Electricity Market Dynamics

In today’s power industry, the profitability of many coal plants depends substantially on the difference in price between coal and natural gas. In competitive power markets like those in the Midwest, Mid-Atlantic, and Northeast, and even in more traditional power regions such as the Southeast, falling natural gas prices lead to lower revenues for coal plants by causing wholesale electricity prices to decline. Rising coal prices can further narrow the margins of coal plant operators. In the past year, coal plants have been facing a perfect storm of falling natural gas prices, a continued trend of high coal prices, and weak demand for electricity (Figure 1).

1. The fuels used to produce electricity are responding to market conditions—rising coal prices and dropping natural gas prices. Source: EIA

Natural gas prices have fallen to record lows, reducing the wholesale price of electricity in most of the country’s power markets. Natural gas prices fell from $4.37/MMBtu in 2010 to $3.98/MMBtu in 2011, to under $2.00 in May 2012. The average NYMEX spot price was $2.87 in mid-July. The result has been a significant drop in wholesale power prices. Wholesale electricity prices have dropped more than 50% on average since 2008, and about 10% during the fourth quarter of 2011. The record low natural gas prices are attributed to strong domestic production, robust storage levels, and new pipeline projects that have allowed additional supplies to get natural gas to markets (Figure 2).
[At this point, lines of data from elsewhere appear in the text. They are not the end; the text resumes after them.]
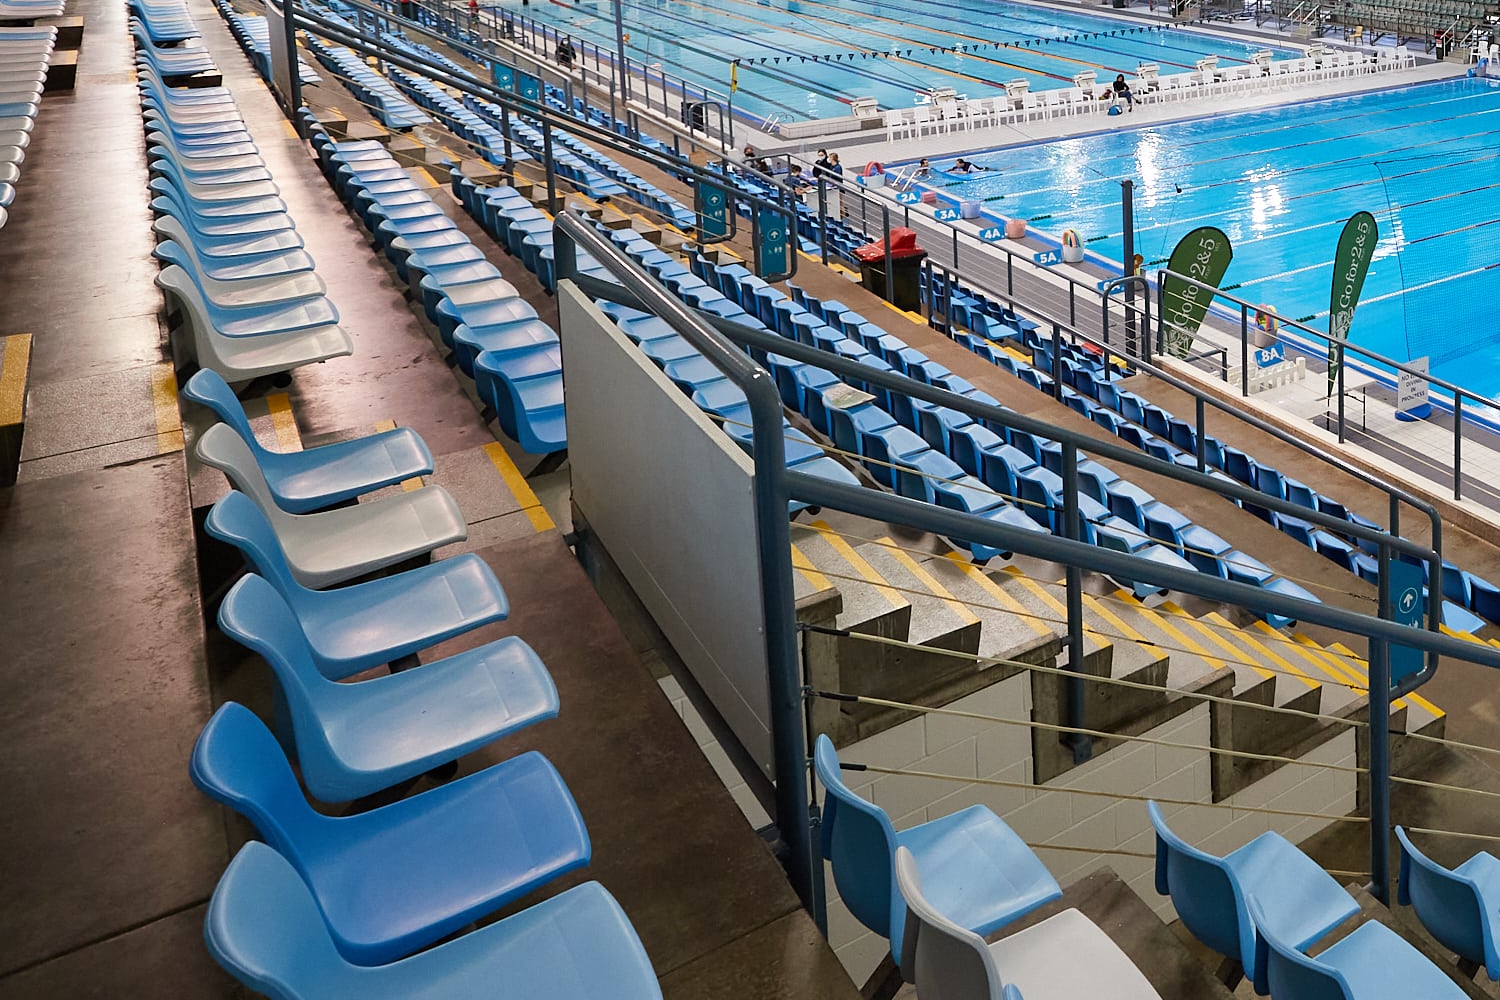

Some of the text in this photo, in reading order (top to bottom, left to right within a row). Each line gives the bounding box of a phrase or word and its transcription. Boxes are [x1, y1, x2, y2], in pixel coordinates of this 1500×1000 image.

[901, 193, 917, 202] 2A
[940, 209, 956, 219] 3A
[984, 228, 1000, 239] 4A
[1040, 252, 1057, 264] 5A
[1345, 259, 1359, 282] for
[1340, 284, 1353, 308] Go
[1174, 302, 1193, 326] Go
[1261, 347, 1279, 362] 8A
2. U.S. production of natural gas has been steadily increasing since late 2005 but has lately leveled off. The red ovals on the chart illustrate periods when natural gas production leveled off during a period of falling natural gas spot market prices. The first was during the economic recession. The latest began in the fourth quarter 2011 and continued through the first quarter of 2012. Natural gas prices continued to fall through the first half of 2012. Source: EIA

At the same time, coal prices have remained relatively high: According to the U.S. Energy Information Administration (EIA), "Delivered coal prices to the electric power sector have increased steadily over the last 10 years and this trend continued in 2011, with an average delivered coal price of $2.40 per MMBtu (5.8 percent increase from 2010)." The price of coal during early 2012 dropped sharply due to a warm winter and low natural gas prices (Figure 3).


3. Central Appalachian NYMEX coal futures prices, $/short ton. Source: EIA

Coal prices have pushed upward in part because exports have offset a drop in domestic coal consumption. The Appalachian region, in particular, saw a large increase in exports last year, driven by demand for metallurgical coal used in steelmaking. U.S coal exports increased 31% in 2011, the highest level since 1991 (Figure 4).
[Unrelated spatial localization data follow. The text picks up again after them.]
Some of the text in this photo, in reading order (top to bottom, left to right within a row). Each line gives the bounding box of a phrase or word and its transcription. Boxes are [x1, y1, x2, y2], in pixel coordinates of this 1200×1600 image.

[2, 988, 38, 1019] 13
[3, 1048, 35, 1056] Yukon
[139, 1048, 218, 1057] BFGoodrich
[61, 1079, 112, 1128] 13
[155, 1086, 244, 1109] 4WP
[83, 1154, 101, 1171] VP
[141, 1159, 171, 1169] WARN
4. Coal exports to European and Asian markets represented 76% of total U.S. coal exports in 2011. In 2011, coal exports were up 31%, largely to rising exports to Europe and Asia. Source: EIA

The surge in exports was driven in part by reduced production in other parts of the world. Flooding last year disrupted coal mining in Australia, the world’s largest coal exporter, contributing to increased U.S. coal trade with India, Japan, and South Korea. Coal exports are expected to remain strong in response to global energy demand. Arch Coal, for example, announced in a news release of February 10, 2012 that it had made several investments in 2011 to bolster its U.S. export capabilities.

The tighter price differentials between natural gas and coal in recent years have squeezed the financial performance of many coal plants, especially the older and less efficient ones. To illustrate, the power supply curve in the figure below indicates that in the PJM region (shown here as the RFC (ReliabilityFirst) region), coal-fired power plants dispatched at higher prices in 2010 compared to 2007, with the reverse true for natural gas-fired power plants.

In this regional power market, the revenues for plants reflect the selling price of the last plant dispatched to meet loads. So, for example, a coal plant dispatched at a 125,000-MW level of demand sold power at $24/MWh in 2007. At a higher demand level (say, 150,000 MW) that same year, the clearing price would be $56/MWh, set by the dispatch of a natural gas plant. In that high-demand hour, the referenced coal plant would receive revenues of $32/MWh (reflecting the $56/MWh clearing price, less the coal plant’s own production cost, including fuel, of $24/MWh). By contrast, in 2010, the coal plant dispatching at a 125,000-MW demand level sold power for $32/MWh, while the gas plant dispatched at a 150,000-MW load level was selling at $40/MWh. In 2010, therefore, the referenced coal plant would receive net revenues of $8/MWh in that high-demand hour (Figure 5).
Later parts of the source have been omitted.